▸ What is being asked: Return each entry below exactly. Skip the images.

▸ Material provided:
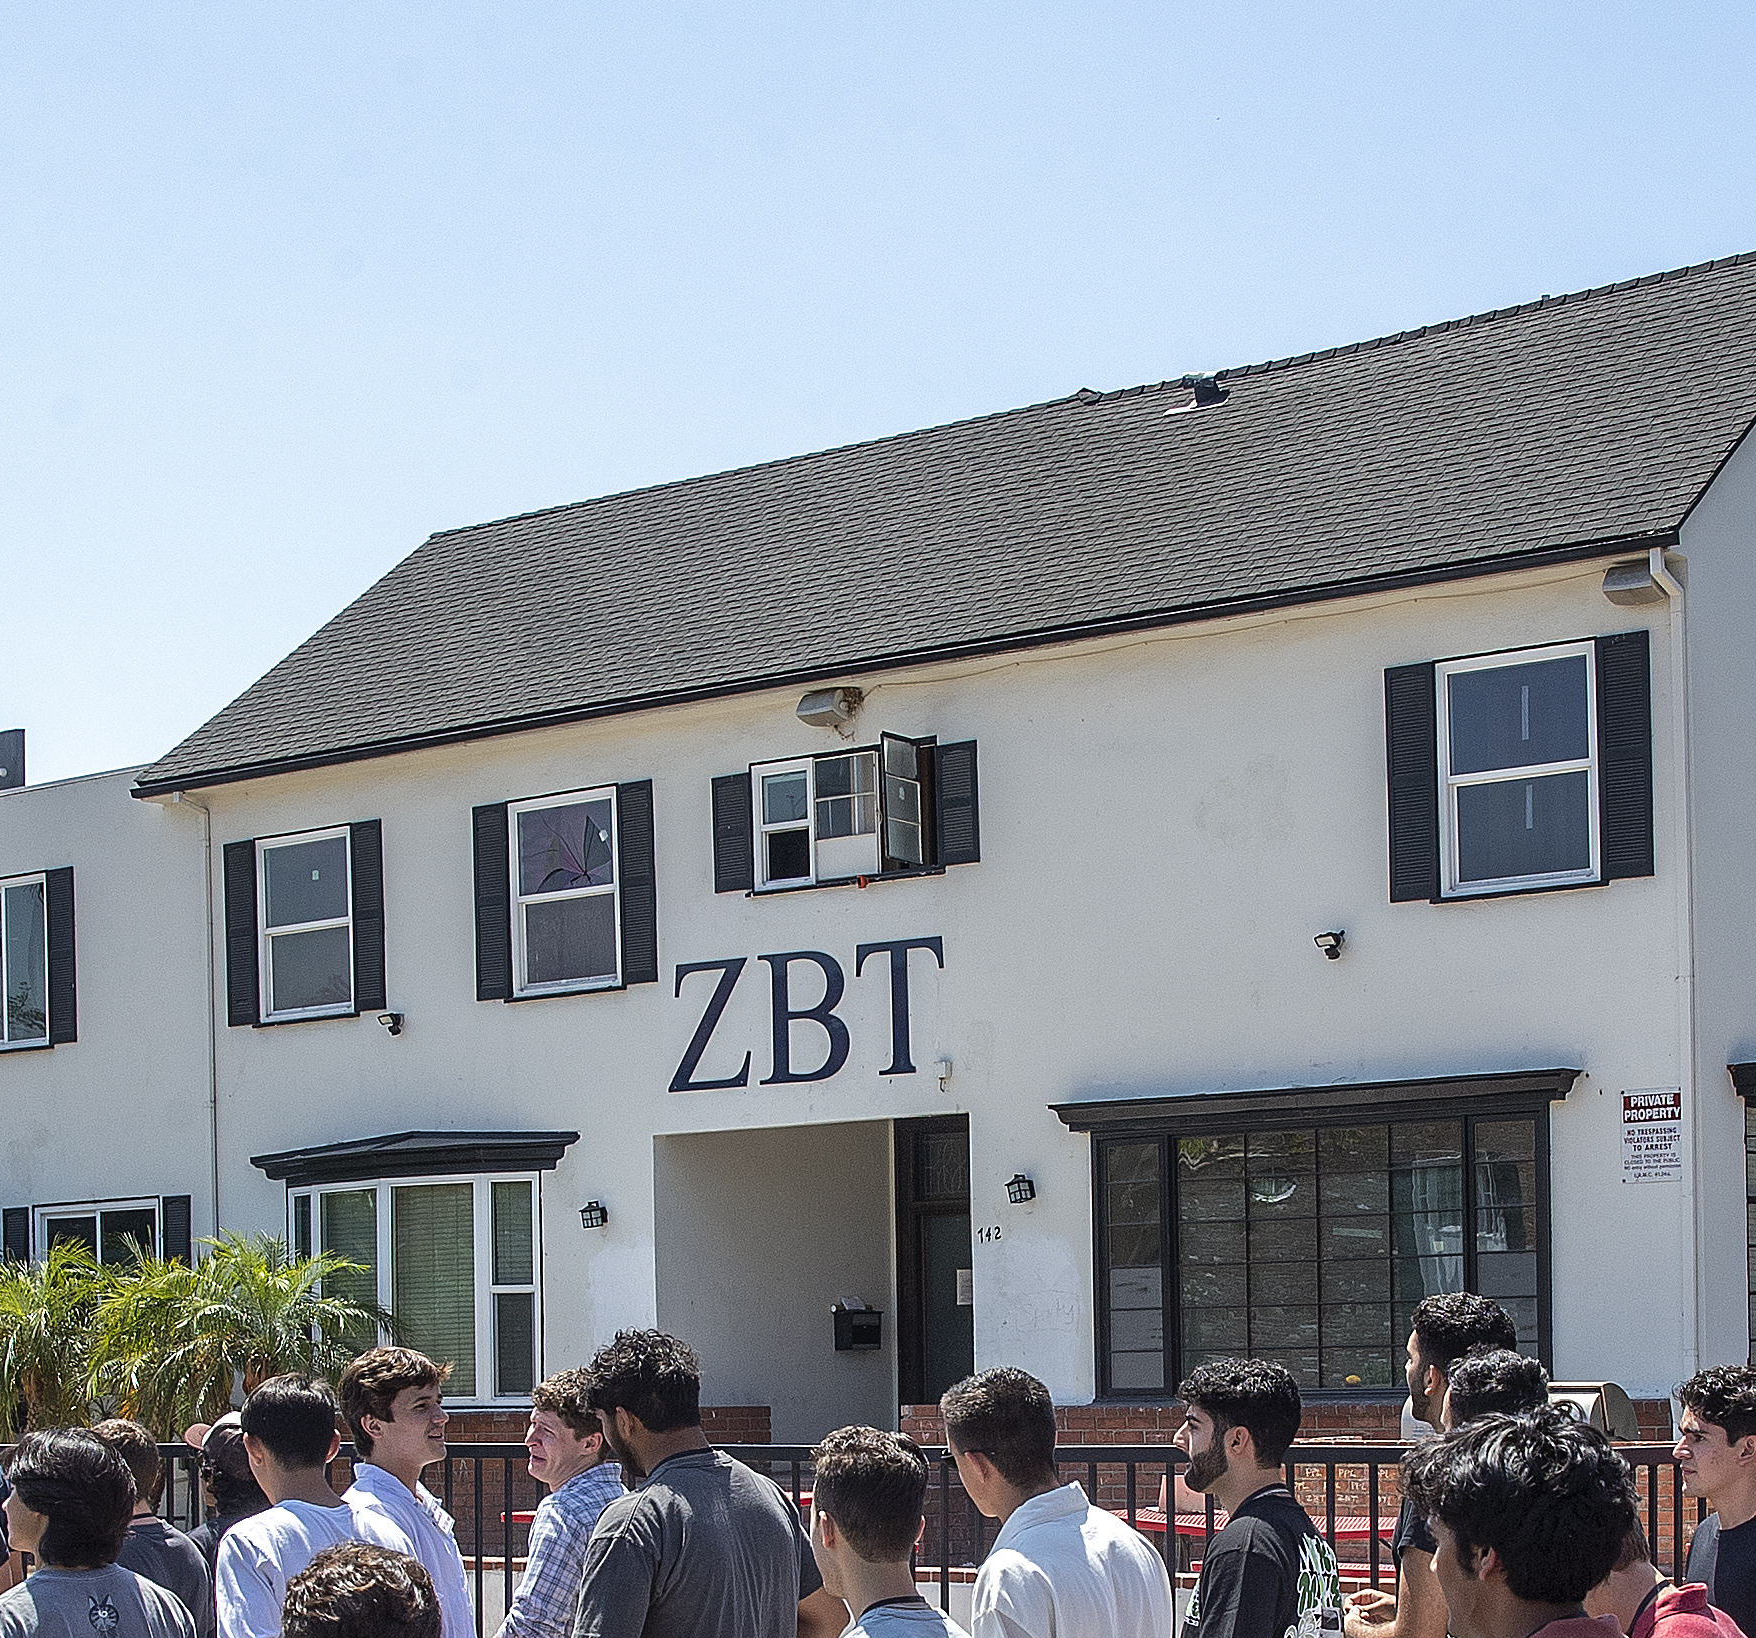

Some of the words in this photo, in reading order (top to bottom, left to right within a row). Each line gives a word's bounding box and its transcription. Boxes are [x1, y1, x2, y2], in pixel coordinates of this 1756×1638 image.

[668, 935, 945, 1093] ZBT
[1630, 1094, 1674, 1108] PRIVATE
[1624, 1107, 1681, 1121] PROPERTY
[1644, 1143, 1673, 1151] ARREST

▸ Answer section:
Some of the words in this photo, in reading order (top to bottom, left to right within a row). Each line gives a word's bounding box and its transcription. Boxes are [x1, y1, x2, y2], in pixel coordinates of this 1756×1638 image.

[668, 935, 945, 1093] ZBT
[1630, 1094, 1674, 1108] PRIVATE
[1624, 1107, 1681, 1121] PROPERTY
[1644, 1143, 1673, 1151] ARREST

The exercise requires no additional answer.